Would you transcribe the whole listing exactly and drop its images?

************

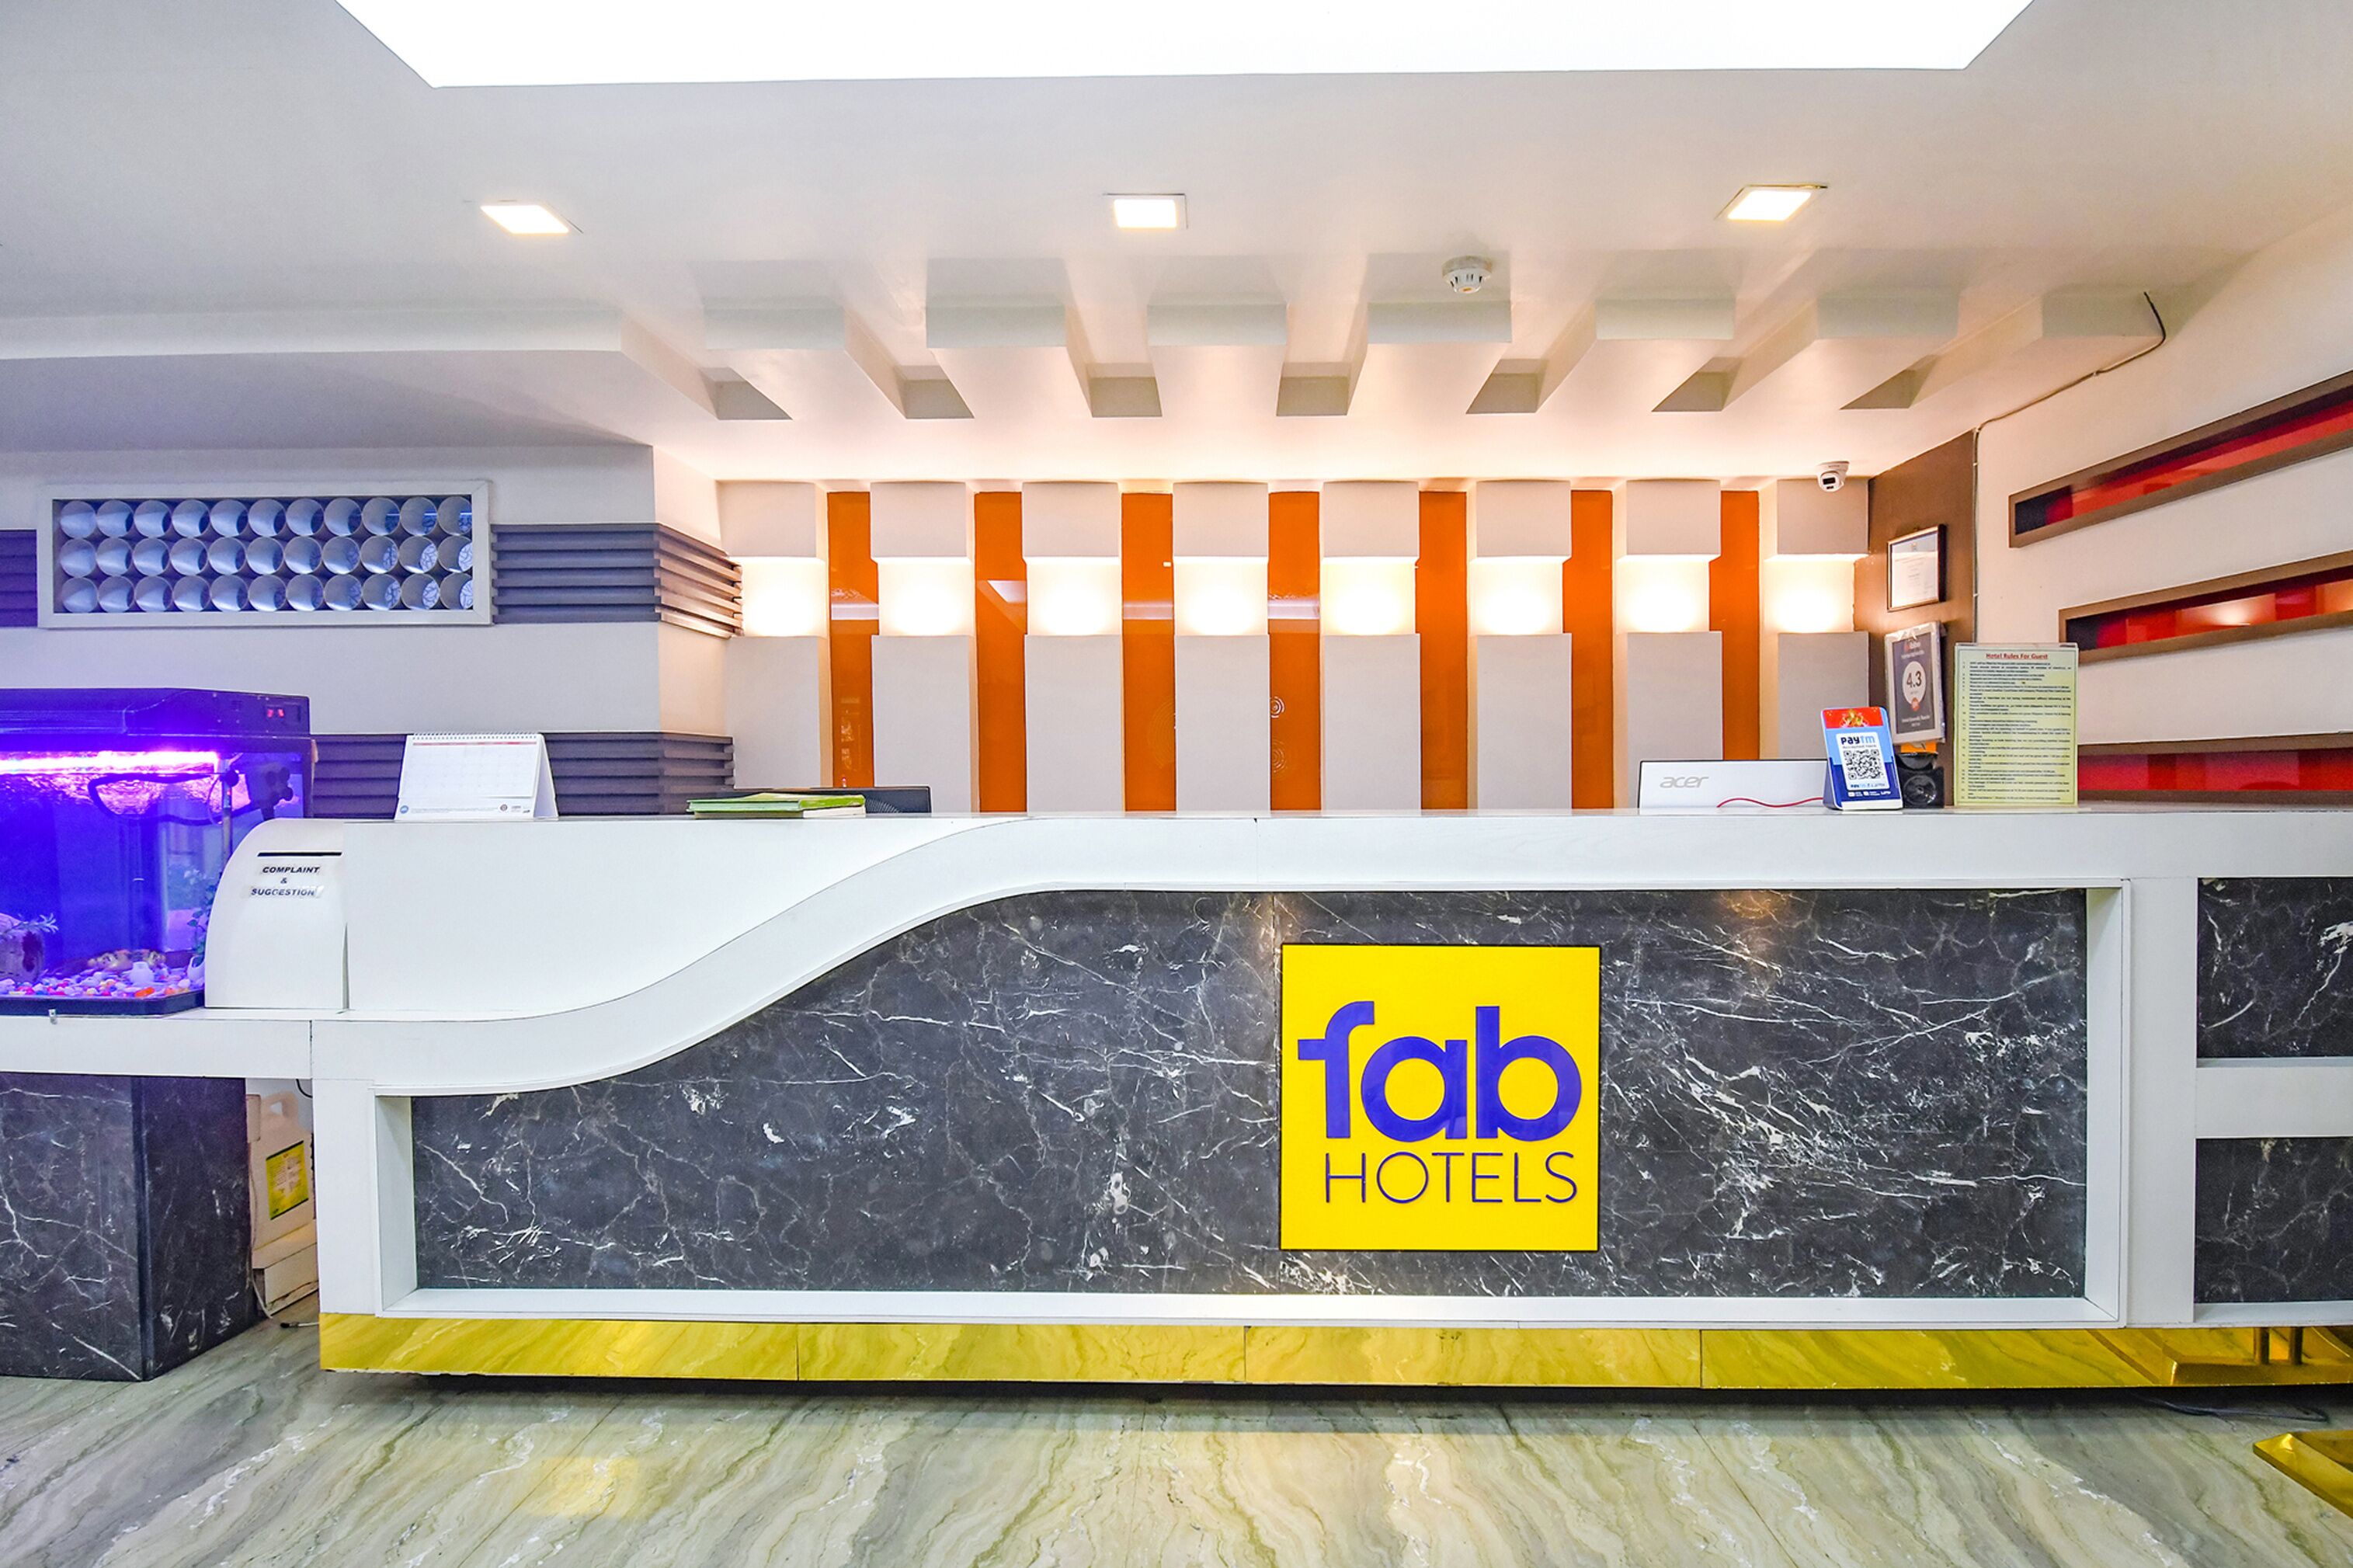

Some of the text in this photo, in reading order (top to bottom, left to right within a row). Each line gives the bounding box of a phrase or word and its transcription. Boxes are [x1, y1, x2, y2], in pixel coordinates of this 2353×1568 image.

[1906, 671, 1922, 688] 4.3
[1660, 777, 1709, 788] acer
[1298, 1001, 1582, 1142] fab
[1326, 1151, 1577, 1204] HOTELS
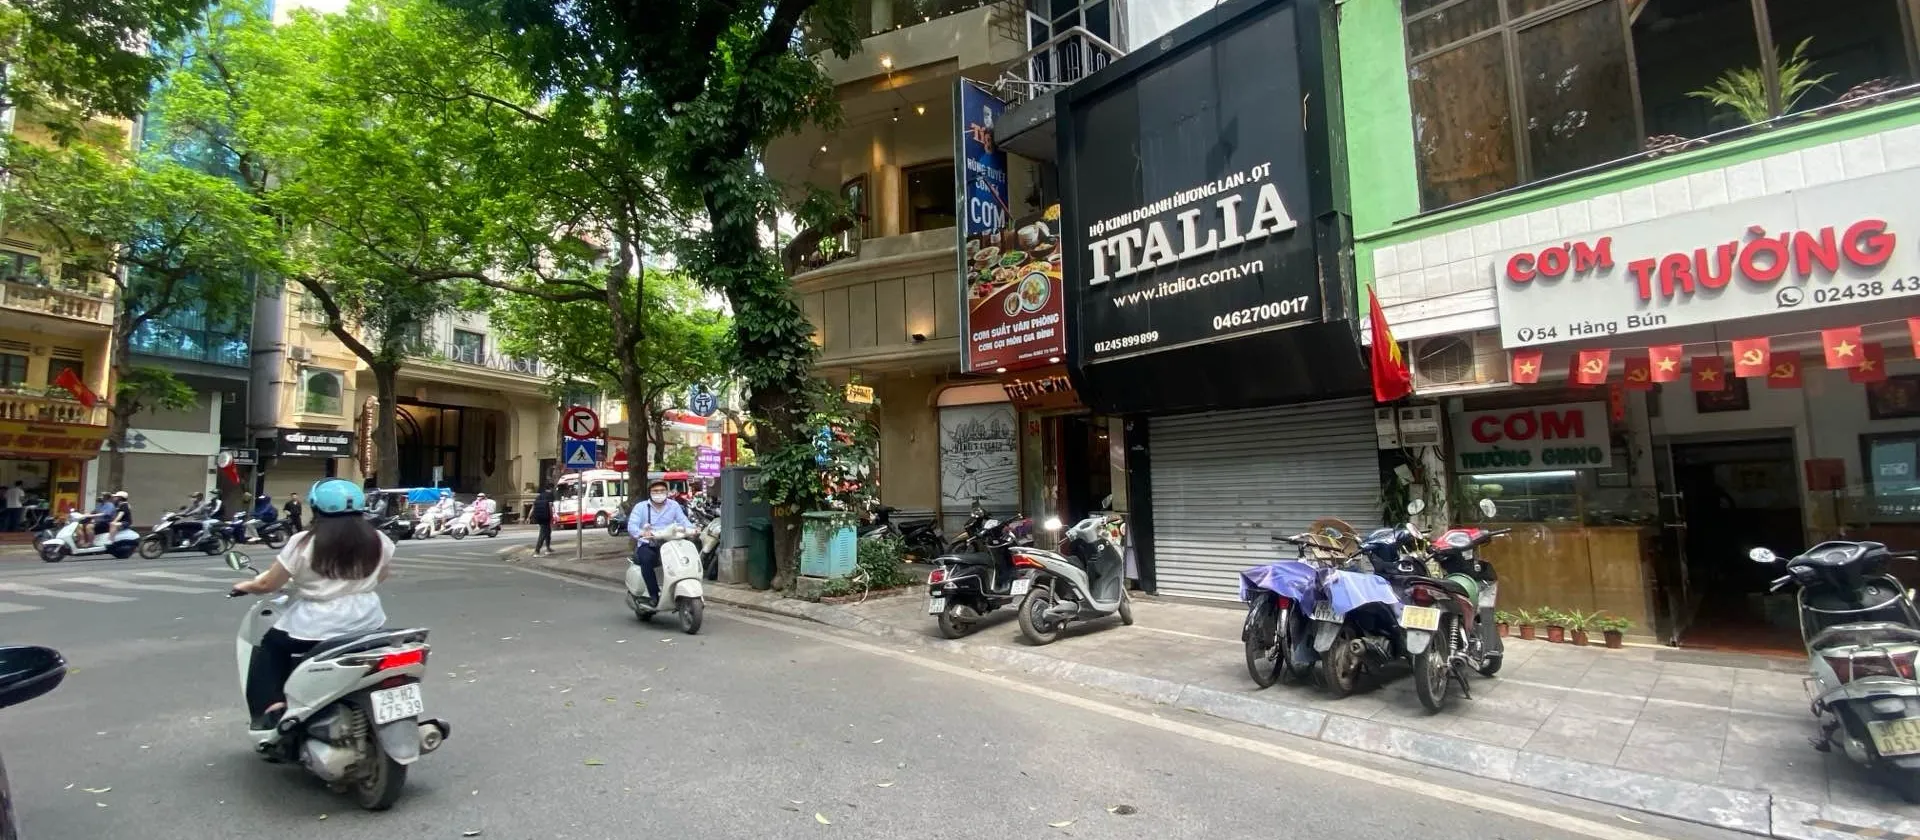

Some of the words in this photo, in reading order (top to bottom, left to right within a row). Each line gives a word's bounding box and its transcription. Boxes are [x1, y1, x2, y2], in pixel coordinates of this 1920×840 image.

[1089, 221, 1105, 237] HỘ
[1106, 212, 1132, 231] KINH
[1133, 197, 1173, 221] DOANH
[1217, 171, 1244, 192] LAN
[1088, 183, 1298, 286] ITALIA
[1506, 236, 1615, 284] CƠM
[1628, 219, 1897, 300] TRƯỜNG
[1113, 260, 1263, 308] www.italia.com.vn
[1814, 281, 1884, 304] 02438
[1891, 276, 1920, 292] 43
[1213, 296, 1309, 330] 0462700017
[1536, 327, 1558, 340] 54
[1569, 321, 1618, 336] Hàng
[1627, 313, 1667, 329] Bún
[1094, 330, 1158, 352] 01245899899
[1471, 409, 1585, 444] CƠM
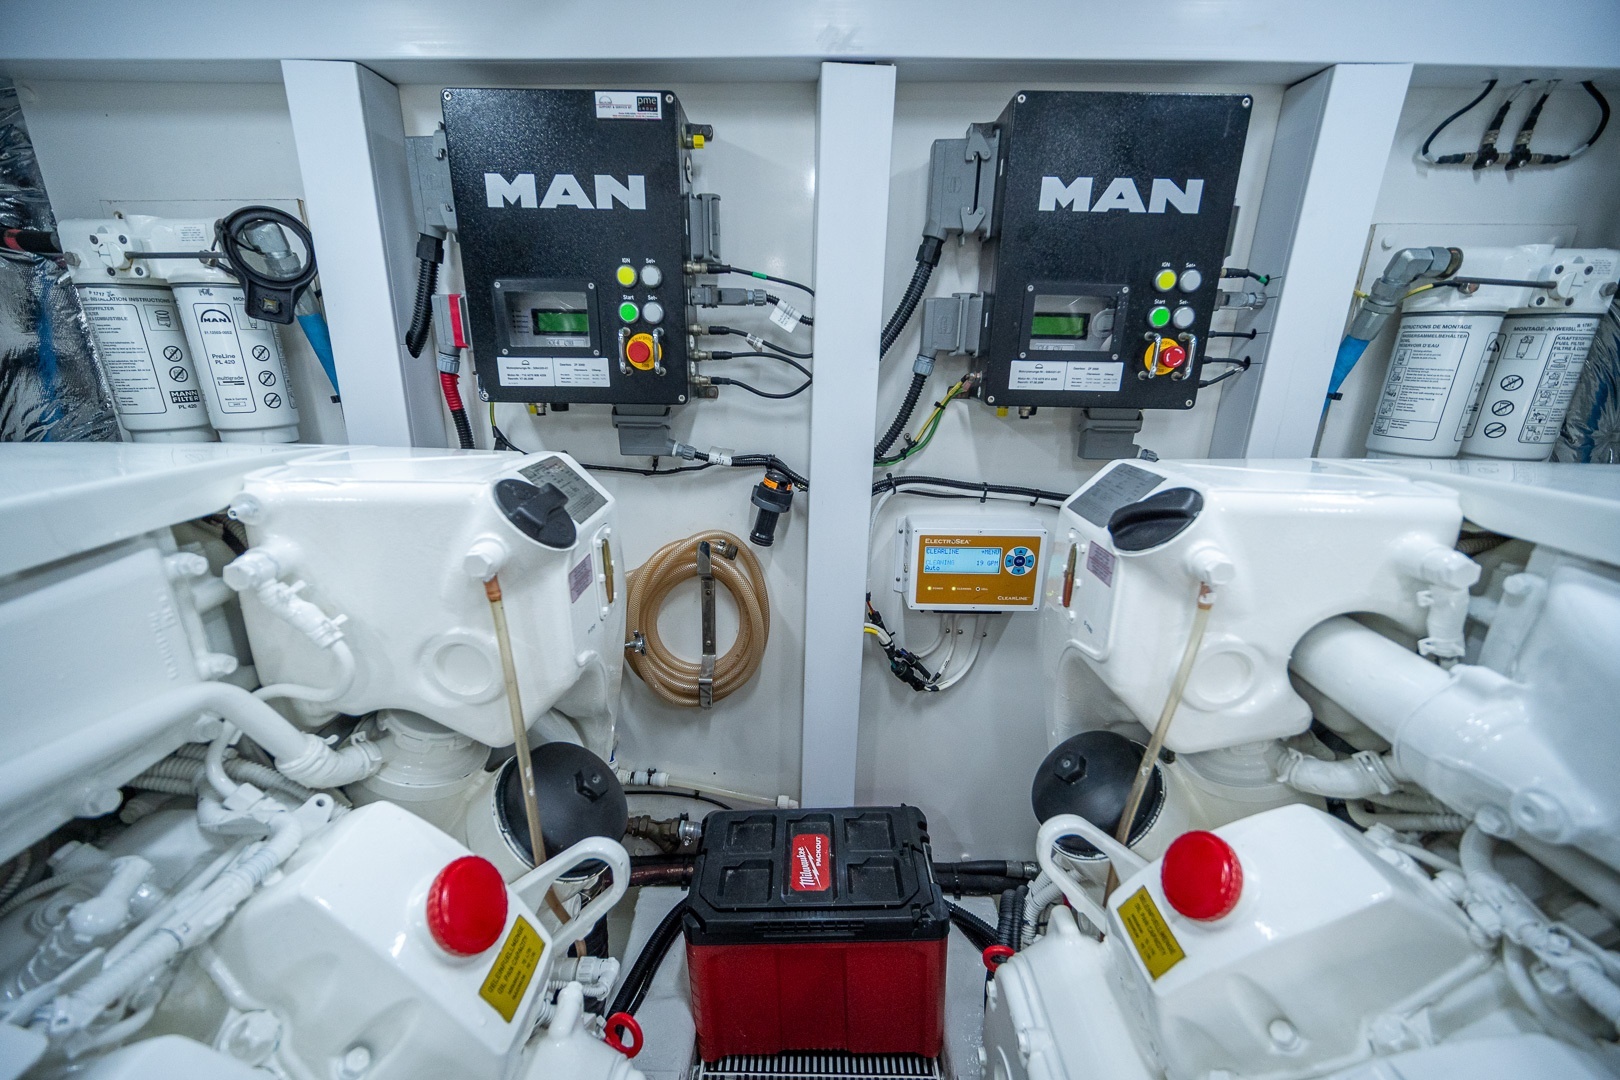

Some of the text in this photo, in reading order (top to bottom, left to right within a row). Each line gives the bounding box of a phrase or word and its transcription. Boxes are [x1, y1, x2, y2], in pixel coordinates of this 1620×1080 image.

[638, 97, 657, 106] pme
[484, 173, 646, 210] MAN
[1038, 176, 1204, 214] MAN
[796, 847, 815, 888] Milwaukee
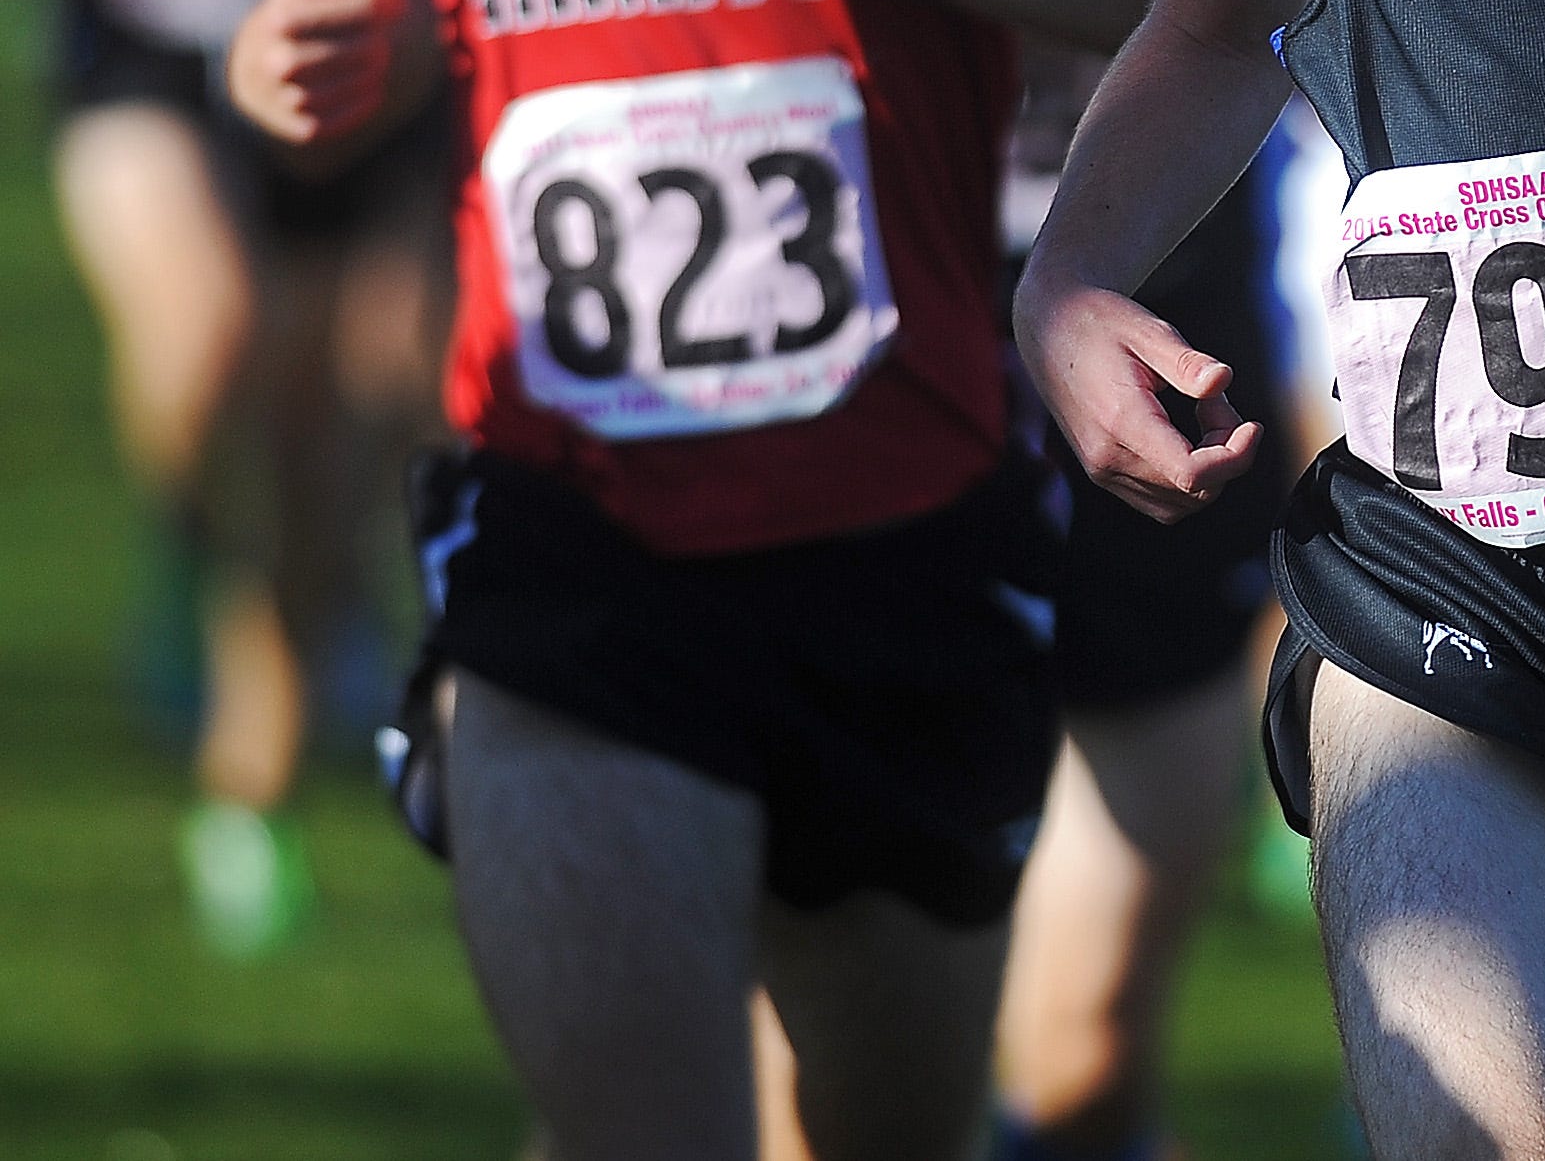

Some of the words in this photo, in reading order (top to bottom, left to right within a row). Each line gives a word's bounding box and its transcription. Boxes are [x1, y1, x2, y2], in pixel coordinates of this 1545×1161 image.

[1342, 215, 1393, 241] 2015
[1398, 211, 1458, 235] State
[1463, 205, 1530, 231] Cross
[534, 149, 858, 380] 823
[1461, 500, 1519, 528] Falls

************

_Expected answer_.
Some of the text in this photo, in reading order (top to bottom, left to right within a row). Each line gives the bounding box of a phrase or word and its transcription. Boxes are [x1, y1, x2, y2], in pixel coordinates of this 2353×1568 image.

[1906, 671, 1922, 688] 4.3
[1660, 777, 1709, 788] acer
[1298, 1001, 1582, 1142] fab
[1326, 1151, 1577, 1204] HOTELS

Some of the words in this photo, in reading order (top to bottom, left to right within a row). Each line gives a word's bounding box and its transcription. Boxes are [x1, y1, x2, y2], in pixel coordinates of this 1920×840 image.

[1089, 221, 1105, 237] HỘ
[1106, 212, 1132, 231] KINH
[1133, 197, 1173, 221] DOANH
[1217, 171, 1244, 192] LAN
[1088, 183, 1298, 286] ITALIA
[1506, 236, 1615, 284] CƠM
[1628, 219, 1897, 300] TRƯỜNG
[1113, 260, 1263, 308] www.italia.com.vn
[1814, 281, 1884, 304] 02438
[1891, 276, 1920, 292] 43
[1213, 296, 1309, 330] 0462700017
[1536, 327, 1558, 340] 54
[1569, 321, 1618, 336] Hàng
[1627, 313, 1667, 329] Bún
[1094, 330, 1158, 352] 01245899899
[1471, 409, 1585, 444] CƠM

Some of the text in this photo, in reading order (top to bottom, left to right within a row). Each line gives the bounding box of a phrase or word and its transcription. Boxes are [x1, y1, x2, y2], in pixel coordinates of this 1620×1080 image.

[638, 97, 657, 106] pme
[484, 173, 646, 210] MAN
[1038, 176, 1204, 214] MAN
[796, 847, 815, 888] Milwaukee

Some of the words in this photo, in reading order (top to bottom, left to right within a row). Each line gives a word's bounding box and its transcription. Boxes are [x1, y1, x2, y2], in pixel coordinates of this 1545×1161 image.

[1342, 215, 1393, 241] 2015
[1398, 211, 1458, 235] State
[1463, 205, 1530, 231] Cross
[534, 149, 858, 380] 823
[1461, 500, 1519, 528] Falls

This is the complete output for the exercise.